Bad Actor, Good Advisor: Exploring the Role of Large Language Models in Fake News Detection
Beizhe Hu, Qiang Sheng, Juan Cao, Yuhui Shi, Yang Li, Danding Wang, Peng Qi
TL;DR
This work examines whether large language models (LLMs) can effectively detect fake news and finds that, while LLMs like GPT-3.5 provide informative rationales, they generally underperform fine-tuned small LMs (SLMs) for veracity judgments.
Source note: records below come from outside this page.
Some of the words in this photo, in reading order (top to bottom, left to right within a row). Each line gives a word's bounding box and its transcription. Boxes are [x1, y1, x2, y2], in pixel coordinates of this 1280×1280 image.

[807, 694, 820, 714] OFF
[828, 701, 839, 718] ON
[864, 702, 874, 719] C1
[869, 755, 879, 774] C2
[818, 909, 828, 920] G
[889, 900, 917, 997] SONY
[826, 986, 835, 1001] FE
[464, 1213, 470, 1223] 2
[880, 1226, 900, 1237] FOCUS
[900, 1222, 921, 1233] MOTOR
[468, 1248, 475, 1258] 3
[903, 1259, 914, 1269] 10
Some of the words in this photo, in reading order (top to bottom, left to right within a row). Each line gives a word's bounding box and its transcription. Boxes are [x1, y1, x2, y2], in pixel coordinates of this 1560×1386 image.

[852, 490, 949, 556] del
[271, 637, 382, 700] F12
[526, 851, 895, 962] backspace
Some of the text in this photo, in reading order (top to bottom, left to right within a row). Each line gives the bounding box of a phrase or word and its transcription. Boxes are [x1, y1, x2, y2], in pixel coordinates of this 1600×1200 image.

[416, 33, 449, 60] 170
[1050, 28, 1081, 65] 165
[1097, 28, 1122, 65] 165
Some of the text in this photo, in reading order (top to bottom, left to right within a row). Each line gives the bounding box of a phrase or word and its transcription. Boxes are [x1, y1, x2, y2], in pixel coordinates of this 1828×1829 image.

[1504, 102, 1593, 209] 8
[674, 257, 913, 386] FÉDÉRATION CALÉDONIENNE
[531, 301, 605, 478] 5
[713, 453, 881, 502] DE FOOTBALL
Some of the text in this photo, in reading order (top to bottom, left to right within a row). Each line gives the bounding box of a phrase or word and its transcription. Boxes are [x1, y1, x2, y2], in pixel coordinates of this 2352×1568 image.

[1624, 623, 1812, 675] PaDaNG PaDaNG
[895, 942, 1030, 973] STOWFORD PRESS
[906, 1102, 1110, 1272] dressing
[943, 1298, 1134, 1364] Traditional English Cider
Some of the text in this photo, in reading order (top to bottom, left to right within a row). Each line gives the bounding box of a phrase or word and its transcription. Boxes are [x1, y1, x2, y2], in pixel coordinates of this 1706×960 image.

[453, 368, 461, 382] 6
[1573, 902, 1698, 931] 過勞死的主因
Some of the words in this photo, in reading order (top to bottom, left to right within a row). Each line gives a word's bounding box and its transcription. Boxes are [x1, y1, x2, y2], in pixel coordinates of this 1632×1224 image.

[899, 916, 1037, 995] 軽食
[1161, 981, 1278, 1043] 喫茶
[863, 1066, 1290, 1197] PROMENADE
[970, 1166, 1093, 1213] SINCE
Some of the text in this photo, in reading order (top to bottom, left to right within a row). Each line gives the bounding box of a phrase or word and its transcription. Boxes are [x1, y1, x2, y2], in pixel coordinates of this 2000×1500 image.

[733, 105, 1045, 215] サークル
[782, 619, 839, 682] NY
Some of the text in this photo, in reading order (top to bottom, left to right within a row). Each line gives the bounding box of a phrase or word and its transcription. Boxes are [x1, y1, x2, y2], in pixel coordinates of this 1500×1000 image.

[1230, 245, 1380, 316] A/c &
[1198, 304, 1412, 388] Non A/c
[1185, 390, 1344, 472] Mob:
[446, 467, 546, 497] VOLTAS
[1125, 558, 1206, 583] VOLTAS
To capitalize on LLM strengths without replacing SLMs, the authors introduce the Adaptive Rationale Guidance (ARG) network, which enables SLMs to selectively incorporate LLM-derived rationales through a news-rationale interaction and rationale-usefulness mechanism; they also derive a cost-sensitive distillation variant ARG-D. Across two real-world datasets, ARG and ARG-D outperform baseline methods, highlighting the value of integrating multi-perspective rationales while maintaining practical costs. The findings emphasize that LLMs can serve as valuable advisors for SLMs in fake news detection and propose a scalable framework for leveraging LLM insights in cost-aware deployments.
Abstract
Detecting fake news requires both a delicate sense of diverse clues and a profound understanding of the real-world background, which remains challenging for detectors based on small language models (SLMs) due to their knowledge and capability limitations. Recent advances in large language models (LLMs) have shown remarkable performance in various tasks, but whether and how LLMs could help with fake news detection remains underexplored. In this paper, we investigate the potential of LLMs in fake news detection. First, we conduct an empirical study and find that a sophisticated LLM such as GPT 3.5 could generally expose fake news and provide desirable multi-perspective rationales but still underperforms the basic SLM, fine-tuned BERT. Our subsequent analysis attributes such a gap to the LLM's inability to select and integrate rationales properly to conclude. Based on these findings, we propose that current LLMs may not substitute fine-tuned SLMs in fake news detection but can be a good advisor for SLMs by providing multi-perspective instructive rationales. To instantiate this proposal, we design an adaptive rationale guidance network for fake news detection (ARG), in which SLMs selectively acquire insights on news analysis from the LLMs' rationales. We further derive a rationale-free version of ARG by distillation, namely ARG-D, which services cost-sensitive scenarios without querying LLMs. Experiments on two real-world datasets demonstrate that ARG and ARG-D outperform three types of baseline methods, including SLM-based, LLM-based, and combinations of small and large language models.